As the challenges of foreign currency reserves will likely persist in the coming months and the government needs to clear payments of several billion US dollars against the energy generated by private sector plants, a smooth supply of energy during the forthcoming summer will be a significant challenge.
As such, proper demand management would be key. The government should spearhead immediate efforts to reduce power demand through energy efficiency and conservation.
The option such as shutting down shopping malls strictly between 6:00PM and 7:00PM on working days can provide a partial relief, experts pointed out, adding that this will help reduce evening peak demand and thus minimise the use of expensive oil-run plants at night.
Containing power system overcapacity
The demand in the industry sector is not growing as expected. Many industries do not find grid power as a reliable source. Hence, the power system of the country has overcapacity beyond a reserve margin of 20 percent.
Reportedly, a good number of power plants will be commissioned in the next 2 to 3 years. During this period, nuclear power plants will likely be commissioned too. A ballpark assessment shows that system overcapacity will further increase in the foreseeable future. Even then, the signing of new contracts for fossil-fuel-based power plants will reportedly continue to take place.
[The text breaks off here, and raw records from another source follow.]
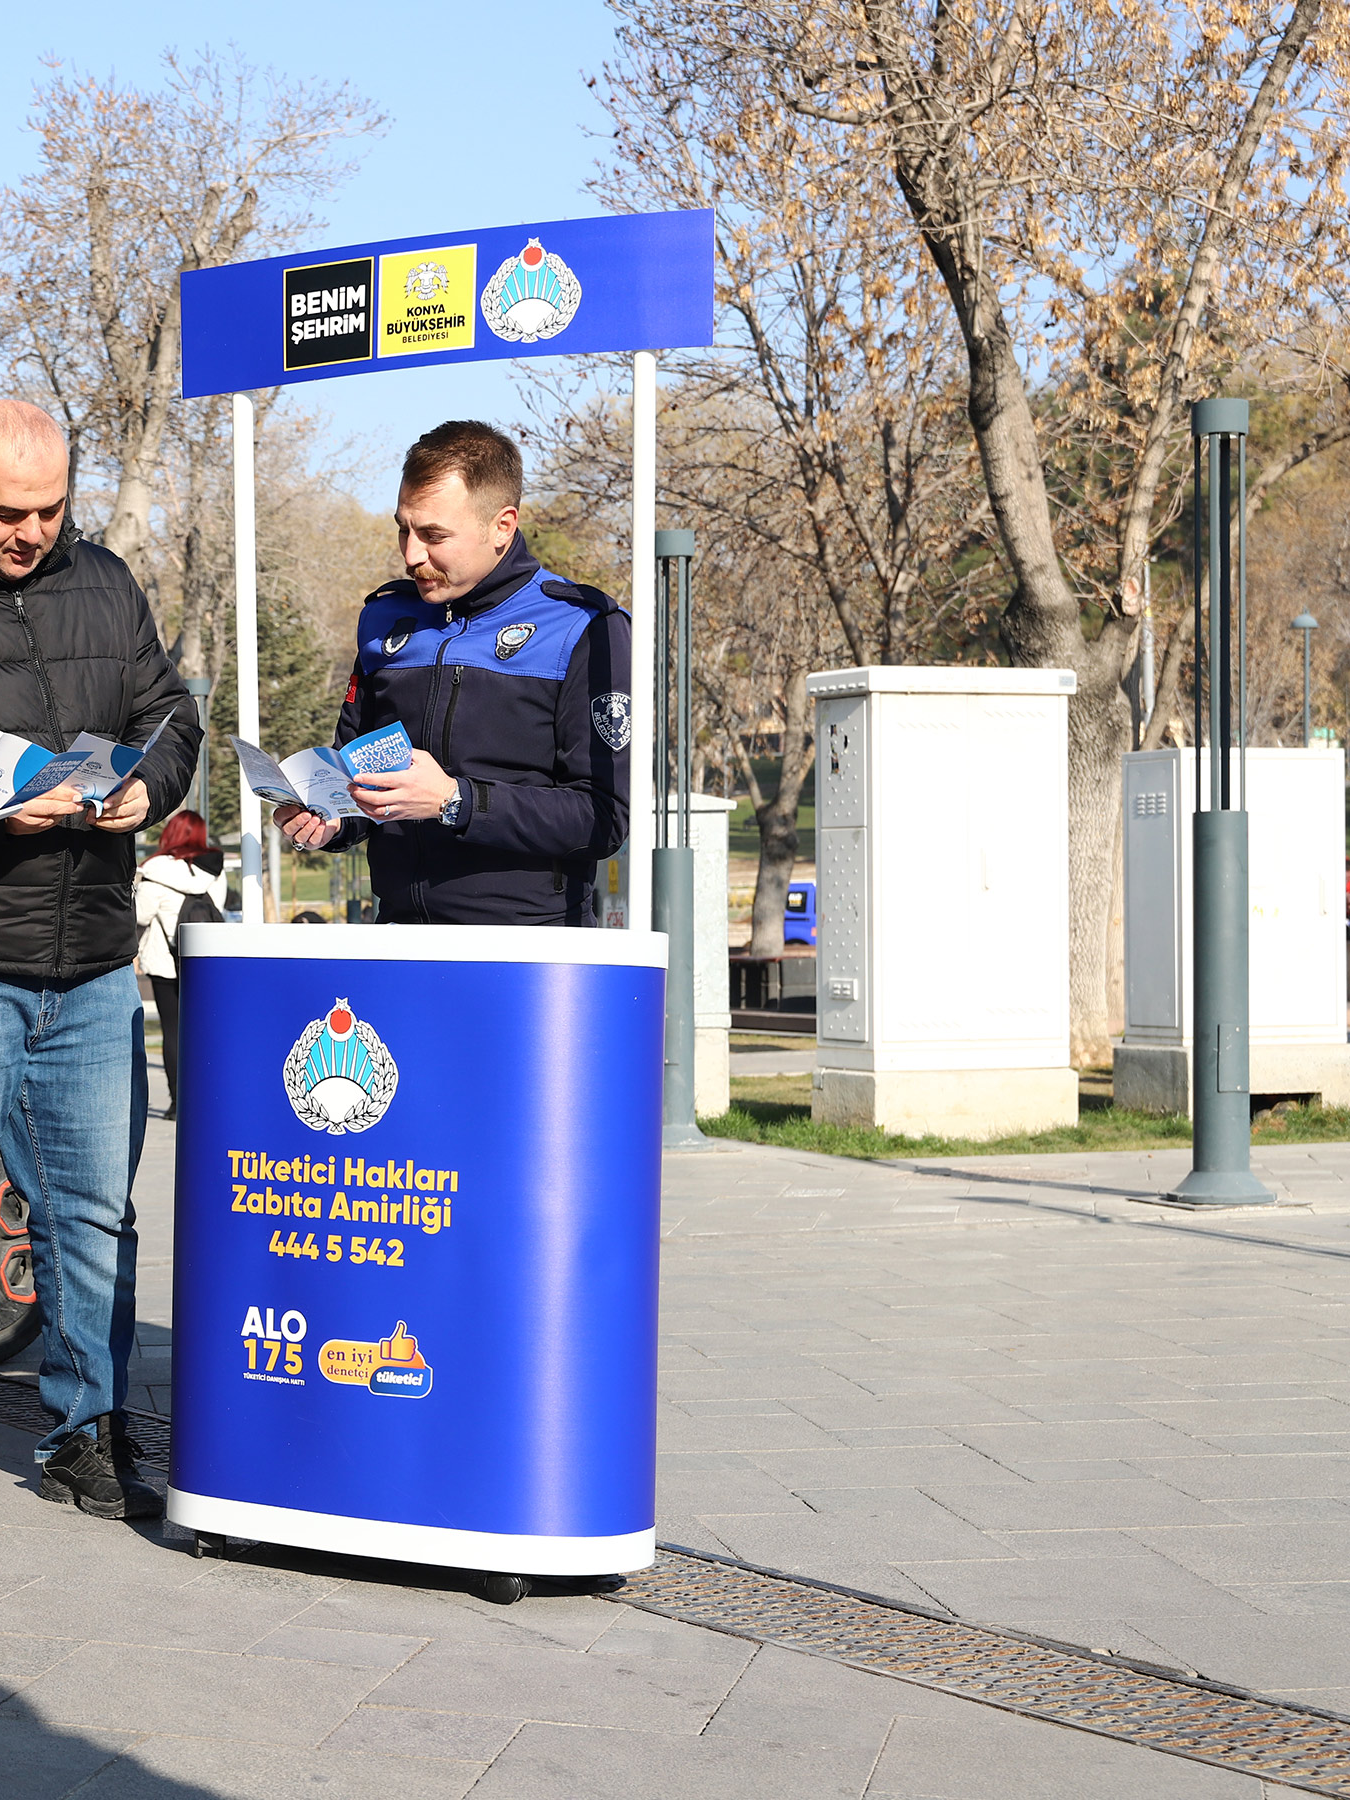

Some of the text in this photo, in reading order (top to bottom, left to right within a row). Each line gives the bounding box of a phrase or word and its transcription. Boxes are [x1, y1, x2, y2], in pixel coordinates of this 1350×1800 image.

[291, 284, 366, 317] BENİM
[407, 304, 445, 317] KONYA
[291, 312, 366, 345] ŞEHRİM
[387, 313, 465, 335] BÜYÜKŞEHİR
[402, 331, 449, 343] BELEDİYESİ
[600, 694, 628, 705] KONYA
[227, 1150, 459, 1192] Tüketici Hakları
[231, 1184, 451, 1235] Zabıta Amirliği
[269, 1230, 405, 1267] 444 5 542
[240, 1305, 307, 1342] ALO
[243, 1338, 303, 1375] 175
[327, 1347, 373, 1366] en iyi
[327, 1365, 369, 1381] denetçi
[376, 1371, 424, 1386] tüketici
System overcapacity increases inefficiency when power plants with investments in millions or billions of dollars are kept idle or operated at a lower capacity. What’s more: idle plants will shoot up capacity payments, swelling the subsidy burden.
The government, therefore, need to take a cautious approach while increasing the installed capacity of the power sector. Power plants that are only at the contract signing or LOI issuance stage could be delayed.
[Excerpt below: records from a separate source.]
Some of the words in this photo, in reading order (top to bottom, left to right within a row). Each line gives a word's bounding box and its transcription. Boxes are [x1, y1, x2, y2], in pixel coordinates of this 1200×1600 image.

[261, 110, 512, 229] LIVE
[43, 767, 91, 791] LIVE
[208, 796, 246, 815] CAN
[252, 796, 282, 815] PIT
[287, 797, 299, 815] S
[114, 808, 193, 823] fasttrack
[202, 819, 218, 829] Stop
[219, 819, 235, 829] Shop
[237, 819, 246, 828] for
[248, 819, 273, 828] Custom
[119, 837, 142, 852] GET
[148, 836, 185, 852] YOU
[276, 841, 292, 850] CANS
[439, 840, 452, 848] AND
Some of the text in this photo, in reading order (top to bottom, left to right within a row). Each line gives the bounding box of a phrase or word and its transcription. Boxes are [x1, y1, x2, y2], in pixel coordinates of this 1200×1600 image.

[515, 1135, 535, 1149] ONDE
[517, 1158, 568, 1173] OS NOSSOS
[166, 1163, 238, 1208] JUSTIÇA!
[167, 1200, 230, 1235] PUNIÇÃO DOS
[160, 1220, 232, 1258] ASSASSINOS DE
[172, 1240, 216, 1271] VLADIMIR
Renewable energy should be promoted gradually
We are experiencing a spree of contract signing for renewable energy, particularly solar energy projects. Tariffs for most solar projects hover around 9.9 US cents/kWh. With such high tariffs on solar energy, Bangladesh will not be able to harness the full benefits of renewable energy.
Understandably, developers face numerous challenges in implementing utility-scale solar projects, but Bangladesh should gradually make a shift to reverse auctions to reduce the tariffs of renewable energy projects.
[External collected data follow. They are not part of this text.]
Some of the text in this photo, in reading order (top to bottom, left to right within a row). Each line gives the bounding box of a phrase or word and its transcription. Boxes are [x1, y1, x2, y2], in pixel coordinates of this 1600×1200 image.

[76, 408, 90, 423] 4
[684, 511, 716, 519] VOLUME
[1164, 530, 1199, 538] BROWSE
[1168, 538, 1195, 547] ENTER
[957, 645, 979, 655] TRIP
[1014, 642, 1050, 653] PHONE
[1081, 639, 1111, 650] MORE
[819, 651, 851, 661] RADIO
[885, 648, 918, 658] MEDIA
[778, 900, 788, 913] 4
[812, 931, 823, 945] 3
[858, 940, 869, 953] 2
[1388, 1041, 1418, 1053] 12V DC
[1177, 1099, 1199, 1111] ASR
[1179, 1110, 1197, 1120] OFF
Furthermore, we should consider the grid issues, especially in light of the news that some 10,000MW renewable energy projects are in the pipeline now. We should further work on developing small projects with battery storage facilities to prepare for the foreseeable future.
Exploration of own gas
Local gas has been central to the country’s development. Despite a few discoveries in the last several years, efforts in exploration of local gas have been to some extent scattershot. Given the growing dependence on LNG (liquefied natural gas) amid the rising deficit between demand and supply, local gas exploration is one area that requires more attention. To this end, the capacity of BAPEX (Bangladesh Petroleum Exploration and Production Company Ltd) should be enhanced.
It has become a norm that the power sector receives more attention than the energy sector. For instance, in the current fiscal year, the government has allocated 33,775 crores to the power division against only 911 crores to the energy division.
However, more funds should be directed towards the energy division to enhance local gas exploration, improve national energy security, and increase the energy sector resilience.
Conclusion
Of late, the government has decided to issue special bonds to pay off private sector power producers’ liabilities to the banks against the unpaid energy bills. This is a temporary relief but for all practical purposes, the government needs to cut down expenditures.
The record revenue shortfall of BPDB (Bangladesh Power Development Board) in the past fiscal year may tempt the government to raise the power tariffs soon. This move will only add to the commoners’ woes. They have been the worst hits of high commodity prices in the last one and a half years.
There is no quick-fix strategy to solve the country’s energy and power sector problems. Instead, a well-thought-out plan is essential for Bangladesh to overcome short-term challenges and ensure sustainability in the long run.
In the past, Bangladesh was able to quickly increase the system capacity to address the high demand-supply deficit of electricity and achieve 100% electricity access. Likewise, it can address energy and power sector challenges of the present and the foreseeable future. But it will require sustained efforts for years.